### [Your objective]
Will you extract the entries word for word? Images should not appear in the copy.

### [Data supplied]
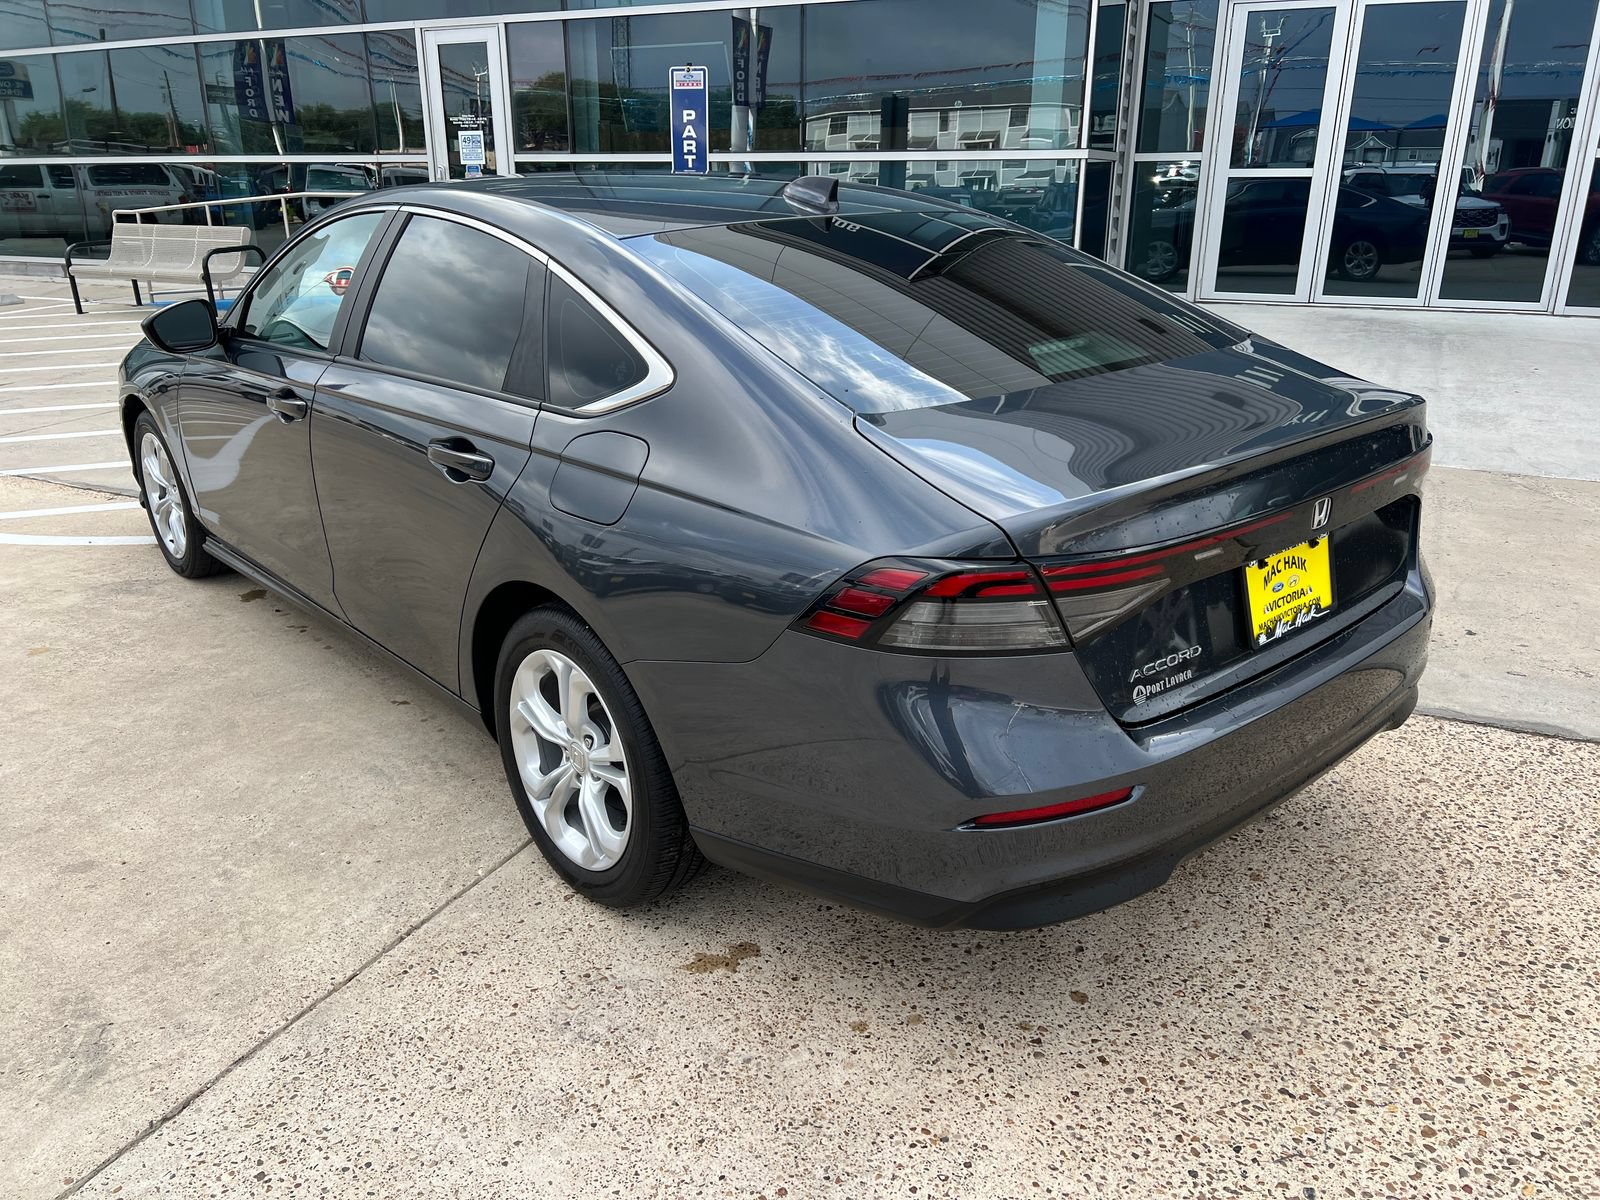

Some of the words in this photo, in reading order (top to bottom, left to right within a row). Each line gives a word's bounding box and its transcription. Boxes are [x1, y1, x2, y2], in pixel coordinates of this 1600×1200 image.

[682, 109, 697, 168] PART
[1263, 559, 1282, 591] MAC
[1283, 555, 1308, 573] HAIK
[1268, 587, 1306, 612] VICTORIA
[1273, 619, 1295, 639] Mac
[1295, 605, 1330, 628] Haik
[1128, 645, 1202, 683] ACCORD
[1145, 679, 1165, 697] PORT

### [Worked solution]
Some of the words in this photo, in reading order (top to bottom, left to right within a row). Each line gives a word's bounding box and its transcription. Boxes are [x1, y1, x2, y2], in pixel coordinates of this 1600×1200 image.

[682, 109, 697, 168] PART
[1263, 559, 1282, 591] MAC
[1283, 555, 1308, 573] HAIK
[1268, 587, 1306, 612] VICTORIA
[1273, 619, 1295, 639] Mac
[1295, 605, 1330, 628] Haik
[1128, 645, 1202, 683] ACCORD
[1145, 679, 1165, 697] PORT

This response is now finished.